Los últimos
acontecimientos en Pittsburgh y Texas demuestran que Roma se está volviendo más
astuta en su guerra contra la fe, en lugar de cejar en ella.
Por RIAAN
VAN ZYL
11 de agosto
de 2026
Mucho se ha hablado en el mundo de los medios
católicos acerca de la última migaja arrojada a los católicos, cuando el obispo
Michael Sis, de la diócesis de San Angelo, Texas, anunció que ampliaría la
celebración de la llamada Forma Extraordinaria en su diócesis.
Este anuncio de la «generosidad» de Sis fue
elogiado por el P. Ryan Rojo, Director de Vocaciones de los seminarios de la
diócesis, quien afirmó que la decisión de Sis estaba «motivada por la salvación
de las almas».
Los usuarios y comentaristas sensatos de las redes
sociales se apresuraron a señalar que la nueva Misa Tradicional en Latín parece
tener menos que ver con «la salvación de las almas» y más con una maniobra
estratégica de la astuta jerarquía sinodal para mantener a los católicos dentro
de la plantación conciliar, ya que resulta que la nueva Misa está, según se
informa, a solo unas cuatro millas de una capilla de la FSSPX.
Esta nueva Misa Tradicional diocesana resulta estar
a 4 minutos de una capilla de la FSSPX que también tiene Misa solo una vez al
mes.
Estas observaciones adquieren especial significado
a la luz de los recientes comentarios del arzobispo Salvatore Cordileone.
Cordileone reconoció, durante una entrevista con EWTN, el peligro de una
restricción de las Misas de Indulto, en una entrevista posterior a la
controvertida consagración de cuatro obispos por parte de la FSSPX.
Pidió un «acceso más fácil» a la Misa Tradicional
en Latín para que los católicos «apegados a la antigua liturgia» no se
sintieran obligados a buscar alimento espiritual fuera de la plena comunión con
Roma.
Pero mientras este espectáculo circense vaticano en
Texas plantea interrogantes acerca de las motivaciones de Sis, la última
maniobra en Pittsburgh no deja ninguna duda acerca de si la demolición del
catolicismo va a disminuir en el futuro cercano.
El obispo Mark Eckman anunció que la Misa
Tradicional en Latín en la iglesia de San Tito llegará a su fin el 4 de
septiembre. El acuerdo, que comenzó en 2022 con permiso de Roma, fue prorrogado
una vez en 2024, pero ahora el obispo ha decidido no solicitar otra prórroga.
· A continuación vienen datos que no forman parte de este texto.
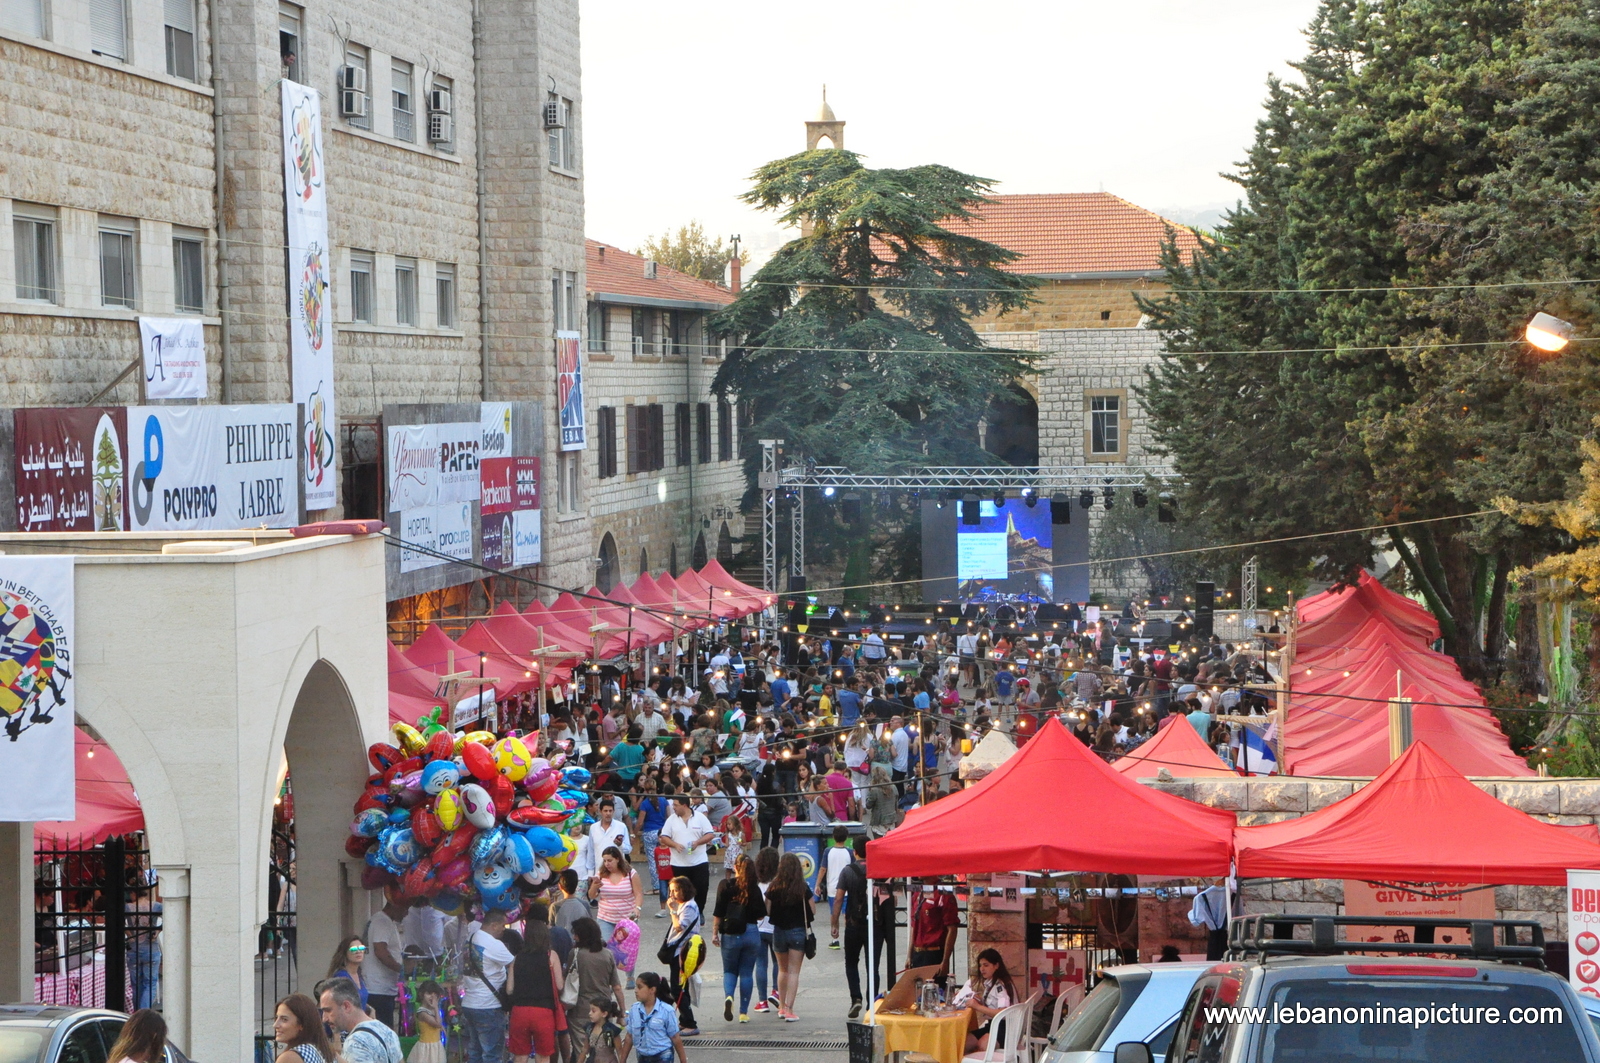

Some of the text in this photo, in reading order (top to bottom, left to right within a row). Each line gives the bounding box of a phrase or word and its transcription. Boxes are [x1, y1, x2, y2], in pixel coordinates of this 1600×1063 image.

En una carta en la que anuncia su decisión, Eckman
reveló el plan de los modernistas de Roma, admitiendo que el permiso nunca tuvo
la intención de ser permanente. Se espera que los católicos «crezcan en su
aprecio» por la liturgia posconciliar y regresen a ella, afirmó.
De esta franca y directa admisión queda claro que
la Misa en Latín, por lo tanto, no estaba siendo tolerada como una expresión
legítima y duradera del culto católico, sino solamente soportada como una
adaptación pastoral temporal.
Y esto debe quedar claro: se trata de una
adaptación pastoral que ahora está llegando al final de su existencia.
Pittsburgh, por supuesto, no es un caso aislado,
sino simplemente otro dato más en la continua aplicación de la política
establecida por Traditionis Custodes.
Hay que ser
bastante insensato para no reconocer el patrón: restringir la liturgia
tradicional, impedir su normalización y, finalmente, animar a quienes están
apegados a ella a pasar a la Misa posconciliar. En otras palabras, dar a los
católicos tradicionales el espacio suficiente para mantenerlos dentro de la
estructura diocesana, al mismo tiempo que se garantiza que la Misa tradicional
permanezca subordinada, restringida y, en última instancia, momentánea.
Por eso, la apertura ocasional de una Misa
Tradicional en Latín no debería interpretarse automáticamente como una
revocación de Traditionis Custodes ni como un debilitamiento de la
campaña contra la Misa Tradicional. La carta de Pittsburgh es la última
expresión del objetivo del Vaticano de trasladar finalmente a los católicos
tradicionales al panorama posconciliar. Después de todo, Traditionis
Custodes dejó claro que el Misal reformado debe ser la expresión única del
Rito Romano. La guerra, por lo tanto, no ha terminado, sino que simplemente se
ha vuelto más sofisticada e intensa.
Moderen su entusiasmo. Habrá ocasionalmente nuevas Misas, adaptaciones pastorales y enclaves
tradicionales cuidadosamente controlados, pero junto a ellas vendrán cierres,
restricciones y presión para asimilarse, hasta que la Misa Tradicional en Latín
sea completamente erradicada de la Iglesia Sinodal.